Almost half of a book's cover price is what could be termed as ‘middlemen's margin'. Add to that the cost of production of the book, warehousing, transportation, wastage in the form of damaged copies and the cost of managing these operations. If you shift to e-books, the price, say of a book that costs Rs.100, can come down to Rs.30! What more could a book lover ask for — being saved from the disappointment of not finding the book he/she wants to read in the neighbourhood book shop and actually getting it at the click of a button from the convenience of her study at an absolutely affordable price. Add to this, the contribution e-books would make to our environment. According to statistics, more than 40 per cent of logged trees are used in making paper. Couple this with the air, water and sound pollution caused by the paper mills, the printing press, the vehicles used for transporting raw materials. Also, materials like inks, chemicals, rubber rollers and plastic get used regularly. The resultant collateral damage to the environment is colossal. A simple e-book reader can save our earth from all this, and it works well with coffee.

SHOBIT ARYA

(The author is the publisher of Wisdom Tree, the first Indian publishing organisation to sell its books through Amazon Kindle.)

Saturday, December 5, 2009

The world is the market for e-book readers

Article on e-book readers published in The Economic Times, Khaleej Times etc

Shobit Arya

ians.in

Last Updated: November 29,2009 11:36:39

The horse is here to stay, but the automobile is a novelty, a fad. These were the words uttered famously by a president of the Michigan Savings Bank advising Henry Ford's lawyer Horace Reckham not to invest in the Ford Motor Co. in 1903. Blame it on the Theory of Technological Evolution or call it the Survival of the Fastest (with due respects to Mr. Darwin) but for a majority of people, travelling in an automobile is as much a part of normal activity as may be bushing their teeth. The day also is not far, oh you lover-of-the-scent-of-paper, when e-book readers will fall in the same bracket.

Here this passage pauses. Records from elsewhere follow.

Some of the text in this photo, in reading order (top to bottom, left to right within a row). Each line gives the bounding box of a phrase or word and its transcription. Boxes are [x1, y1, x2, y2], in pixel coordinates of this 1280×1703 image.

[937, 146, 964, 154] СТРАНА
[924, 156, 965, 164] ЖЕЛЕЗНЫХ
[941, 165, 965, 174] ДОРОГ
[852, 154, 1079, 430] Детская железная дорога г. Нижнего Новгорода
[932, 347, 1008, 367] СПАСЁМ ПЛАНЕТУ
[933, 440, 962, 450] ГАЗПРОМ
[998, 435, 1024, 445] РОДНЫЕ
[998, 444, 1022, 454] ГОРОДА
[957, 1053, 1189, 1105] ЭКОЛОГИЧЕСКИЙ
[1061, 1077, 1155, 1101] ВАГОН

Coming back to the story, Rackham ignored the advice and bought $5,000 worth of stock and eventually made a fortune by selling it for $12.5 million. The natural question here is: in whose position would you like to be? Horace Rackham's or the banker's? If that's not already easy to answer, let me make it easier for you.

Kindle, the popular e-book reader was the #1 bestselling, #1 most wished for and #1 most gifted item on Amazon. Nook, the brand new e-reader unveiled by Barnes & Noble (who claim it to be the world's most advanced e-book reader), is already out of stock because of unexpected demand.

This is when e-book readers today are priced a bit uncomfortably around $250 and are in a nascent stage in terms of features, much like the first Ford car, if I may carry forward the analogy. By the end of 2010, it is expected that 10 million people will be using e-readers. And if by any chance they break the $100 barrier, which I believe they will eventually, the floodgates will really open.

There are reports that we already have an enterprising Indian publishing industry representative planning to bring in an economical e-reader for the Indian market with Chinese collaboration. And Apple, of course, is rumoured to have a real ace up its sleeve. So, apparently, there is a lot waiting to happen in the near future which could turn things completely around for electronic reading.

This really brings us to the all-important question -- what's the whole song and dance about? We are pretty happy reading our books, why do we need an electronic reader?

For one, it weighs approximately the same as a paperback but can store about 1,500 books; so that's like your personal library moving around with you -- to the conference, on a flight, in the waiting lounge, just about everywhere.

And then, you don't have to desperately keep looking for that elusive copy of the book you have been looking forward to read because it's just a click away -- log on to a supporting website like amazon.com and you have the book downloaded in less than a minute in almost any part of the world.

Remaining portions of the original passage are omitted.